In QM, the Hamiltonian is more useful since many problems involve, in some form or other, diagonalizing the Hamiltonian operator (i.e. solving the Schrodinger eqn). This is much more tractable due to fact that most often, the number of degrees of freedom are much fewer than that of QFT.

 

[waterfall]

The Lagrangian is a way to get the Hamiltonian.

So

Lagrangian = position/velocity
Hamiltonian = position/momentum, potential

You mentioned the Lagrangian is a way to get the Hamiltonian, meaning the position/velocity is a way to get the position/momentum and potential? How come?

Sometimes it's easier to incorporate symmetries by using the Lagrangian.

Symmetries like U(1)? Why is it earlier in Lagrangian?

The Hamiltonian is still required because it generates "unitary" time evolution.

Why, there is no time in Lagrangian?

Roughly, unitarity is is what makes probabilities sum up correctly.

Probability can't occur in Lagrangian?

 

[waterfall]

No;
The reason people talk about Lagrangians in QFT is because theories are expressed Lorentz-invariantly using the Lagrangian, but not using the Hamiltonian (since the Hamiltonian is an energy which depends on the Lorentz frame).

In short.
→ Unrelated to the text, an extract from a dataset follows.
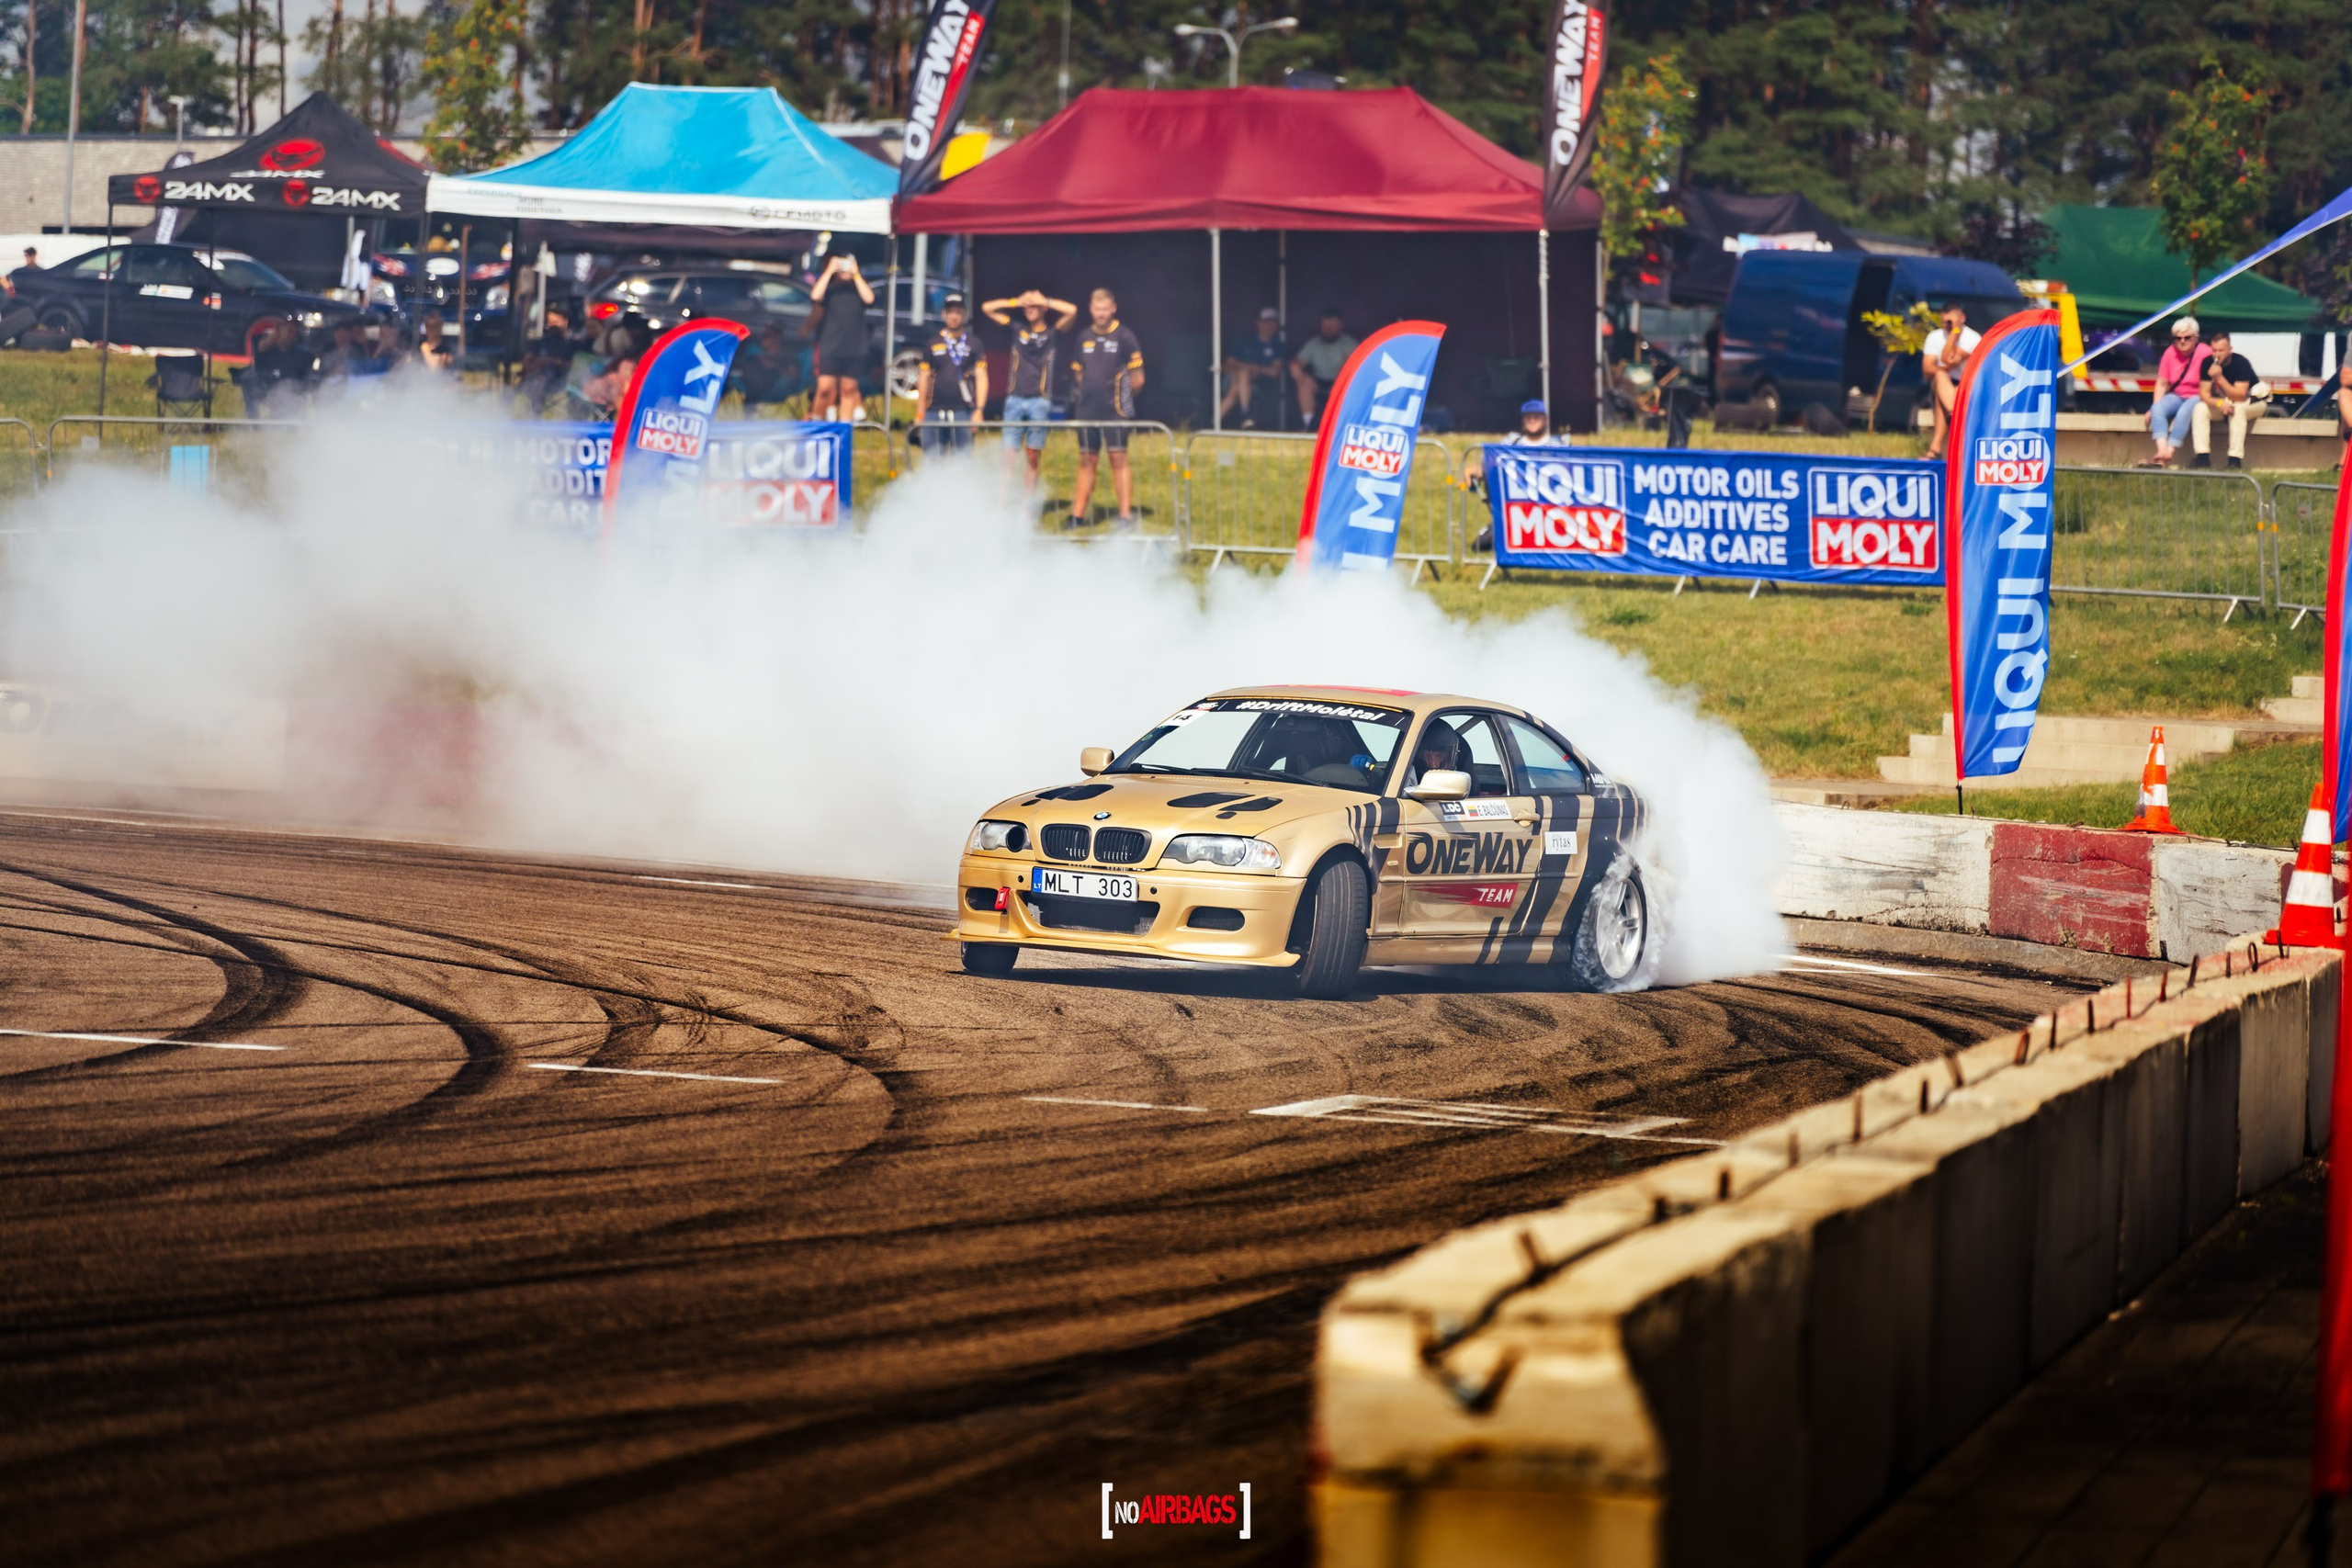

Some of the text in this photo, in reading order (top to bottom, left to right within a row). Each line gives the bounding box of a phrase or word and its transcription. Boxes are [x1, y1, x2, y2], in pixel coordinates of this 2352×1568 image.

Lagrangians don't have to involve forces or potential while Hamiltonians do. But I heard you can introduce forces in Lagrangians too, how?

In QM, the Hamiltonian is more useful since many problems involve, in some form or other, diagonalizing the Hamiltonian operator (i.e. solving the Schrodinger eqn). This is much more tractable due to fact that most often, the number of degrees of freedom are much fewer than that of QFT.
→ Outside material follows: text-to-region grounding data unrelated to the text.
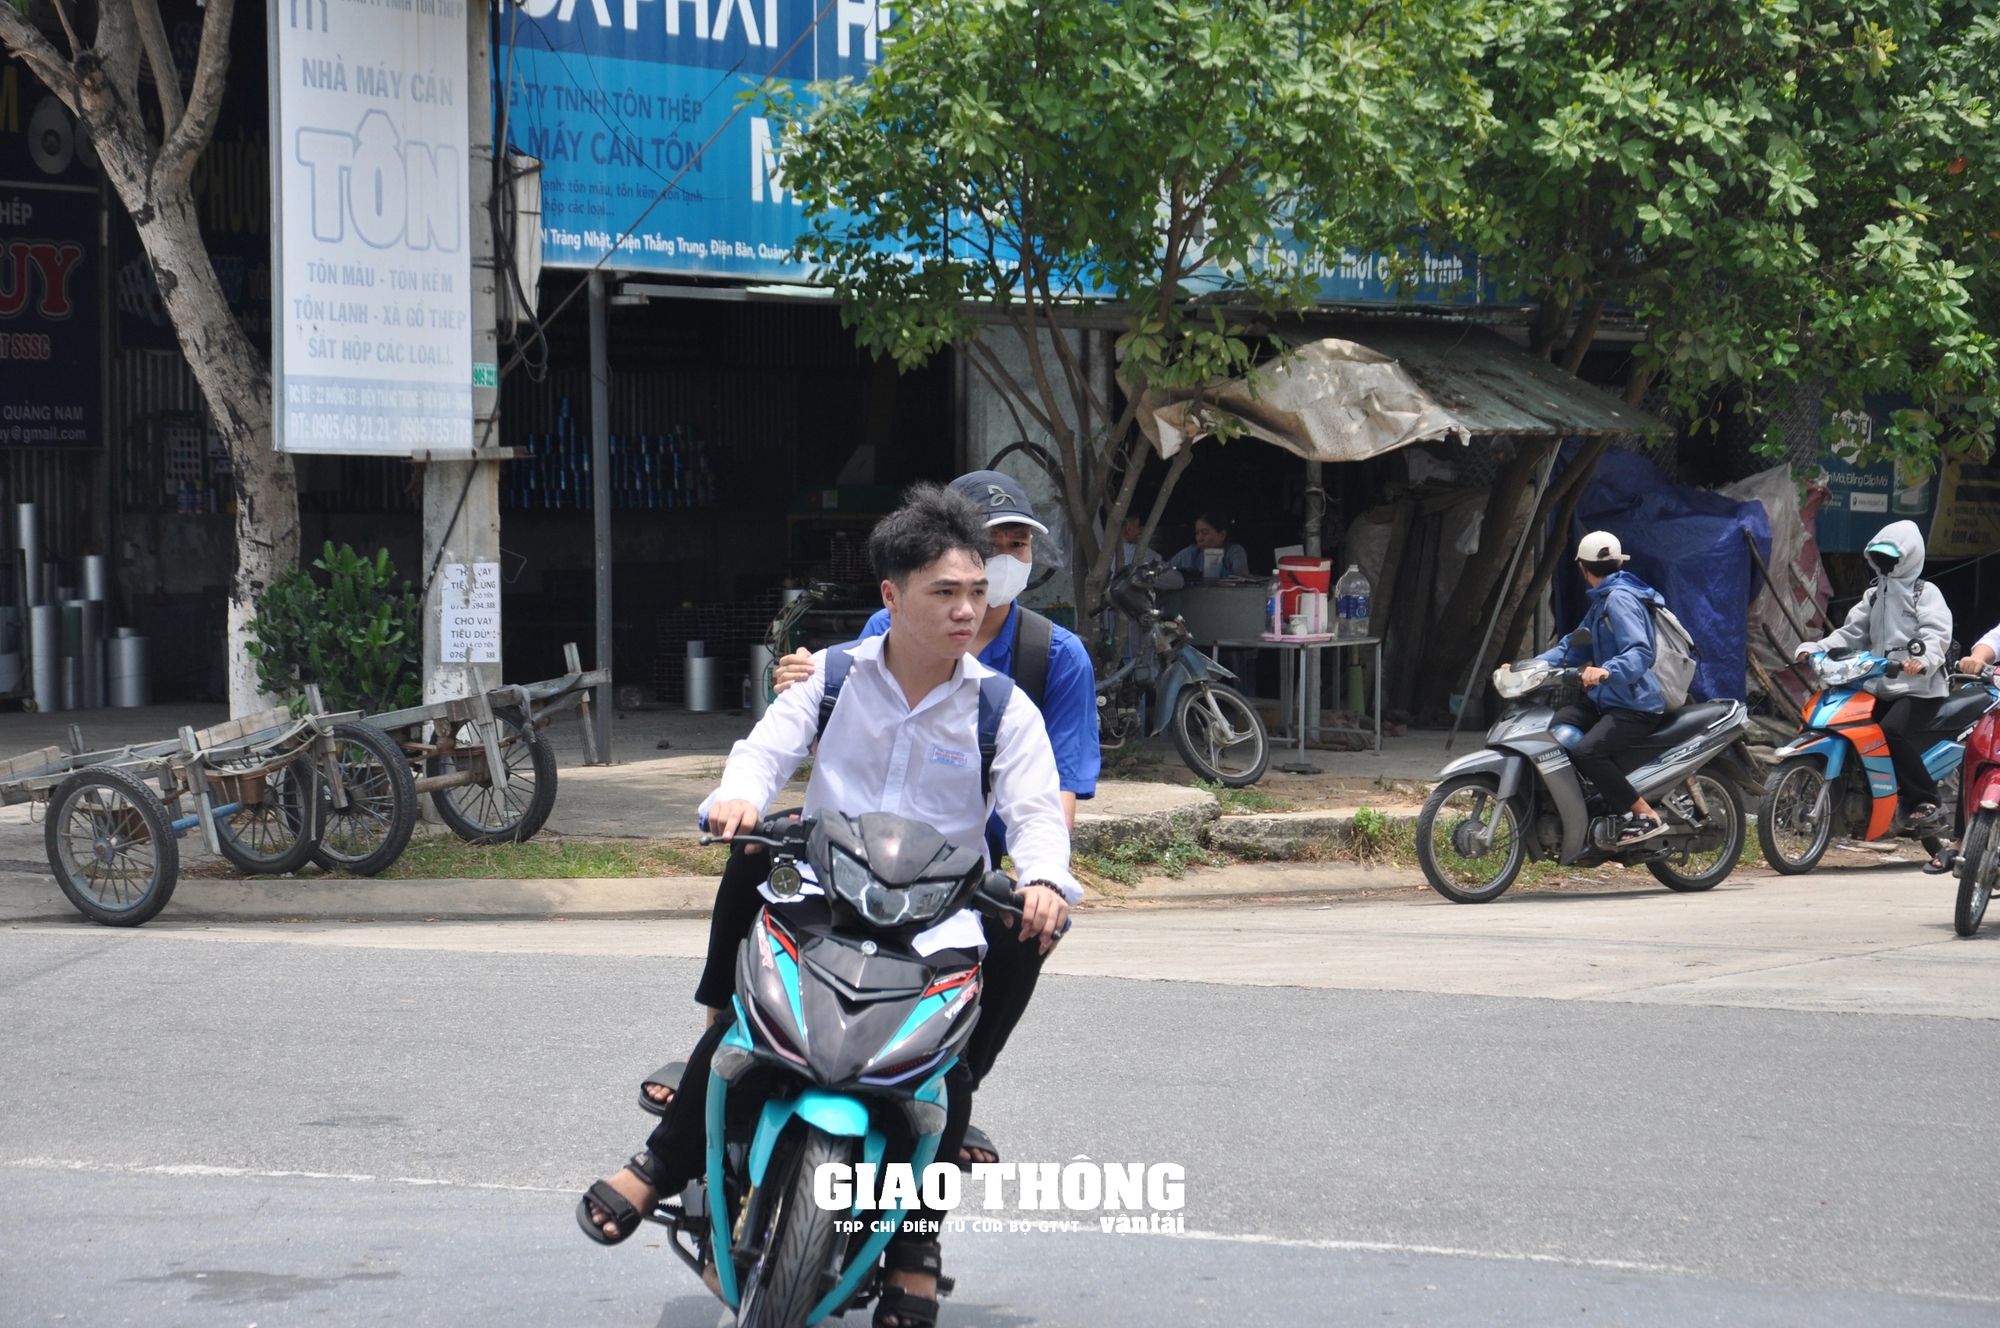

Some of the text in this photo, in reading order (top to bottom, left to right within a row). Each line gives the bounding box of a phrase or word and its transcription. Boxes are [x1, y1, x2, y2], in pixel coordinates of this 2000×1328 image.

[302, 53, 348, 92] NHÀ
[356, 60, 402, 100] MÁY
[410, 68, 453, 106] CÁN
[525, 83, 548, 109] TY
[553, 86, 607, 114] TNHH
[612, 87, 652, 119] TÔN
[657, 93, 703, 123] THÉP
[527, 120, 583, 162] MÁY
[590, 126, 643, 168] CÁN
[651, 132, 703, 172] TÔN
[295, 108, 462, 253] TÔN
[568, 179, 586, 193] tôn
[616, 183, 634, 197] tôn
[567, 197, 584, 214] các
[616, 233, 641, 255] Điện
[676, 236, 708, 259] Trung,
[710, 237, 733, 260] Điện
[735, 238, 756, 259] Bàn,
[307, 257, 337, 285] TÔN
[342, 260, 375, 288] MÀU
[388, 264, 418, 291] TÔN
[293, 293, 324, 321] TÔN
[329, 301, 368, 327] LẠNH
[383, 300, 401, 327] XÀ
[428, 304, 467, 330] THÉP
[11, 333, 51, 360] SSSC
[308, 329, 337, 359] SẮT
[342, 335, 372, 365] HỘP
[376, 337, 405, 363] CÁC
[3, 400, 84, 421] QUẢNG NAM
[312, 412, 341, 440] 0905
[343, 414, 357, 441] 48
[360, 414, 373, 441] 21
[376, 415, 390, 442] 21
[400, 415, 427, 443] 0905
[430, 417, 450, 443] 735
[453, 418, 471, 443] 779
[451, 630, 472, 639] TIÊU
[454, 617, 493, 626] CHO VAY
[1537, 749, 1562, 762] YAMAHA
This is due to the fact that Schrodinger equation solves for potentials and involves energy so Hamiltonian is used and in my original message I mentioned Hamiltonian solves for potential.. so this point is correct.

 

[TriTertButoxy]

In short. Lagrangians don't have to involve forces or potential while Hamiltonians do. But I heard you can introduce forces in Lagrangians too, how?

This is due to the fact that Schrodinger equation solves for potentials and involves energy so Hamiltonian is used and in my original message I mentioned Hamiltonian solves for potential.. so this point is correct.
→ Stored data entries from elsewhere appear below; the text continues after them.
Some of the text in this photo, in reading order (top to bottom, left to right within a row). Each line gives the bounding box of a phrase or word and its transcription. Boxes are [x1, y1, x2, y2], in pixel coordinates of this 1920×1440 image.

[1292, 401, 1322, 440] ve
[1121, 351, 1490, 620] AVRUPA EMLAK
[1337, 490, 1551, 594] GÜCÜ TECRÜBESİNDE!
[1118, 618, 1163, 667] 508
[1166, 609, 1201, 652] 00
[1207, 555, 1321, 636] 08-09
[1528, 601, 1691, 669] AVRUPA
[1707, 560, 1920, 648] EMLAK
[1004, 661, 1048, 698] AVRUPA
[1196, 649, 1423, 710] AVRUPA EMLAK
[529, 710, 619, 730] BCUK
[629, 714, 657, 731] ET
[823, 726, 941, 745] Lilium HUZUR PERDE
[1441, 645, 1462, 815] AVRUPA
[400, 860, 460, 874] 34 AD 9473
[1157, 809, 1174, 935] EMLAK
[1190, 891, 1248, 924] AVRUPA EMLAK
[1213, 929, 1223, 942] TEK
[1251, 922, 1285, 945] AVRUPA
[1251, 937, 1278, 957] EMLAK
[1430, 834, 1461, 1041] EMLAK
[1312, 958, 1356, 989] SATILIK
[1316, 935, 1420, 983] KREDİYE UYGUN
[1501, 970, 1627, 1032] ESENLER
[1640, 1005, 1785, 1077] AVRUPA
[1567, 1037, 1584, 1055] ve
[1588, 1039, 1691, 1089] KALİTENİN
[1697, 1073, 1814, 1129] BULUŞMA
Neither the Hamiltonian nor the Lagrangian can directly introduce forces. They have to be added implicitly through the use of a potential; and even then, you would only get conservative forces.

Neither the Hamiltonian nor the Schrodinger equation solves for potential. The potential is entered into the Hamiltonian manually. The Hamiltonian is part of the Schrodinger equation. You solve that equation.

 

[waterfall]

Neither the Hamiltonian nor the Lagrangian can directly introduce forces. They have to be added implicitly through the use of a potential; and even then, you would only get conservative forces.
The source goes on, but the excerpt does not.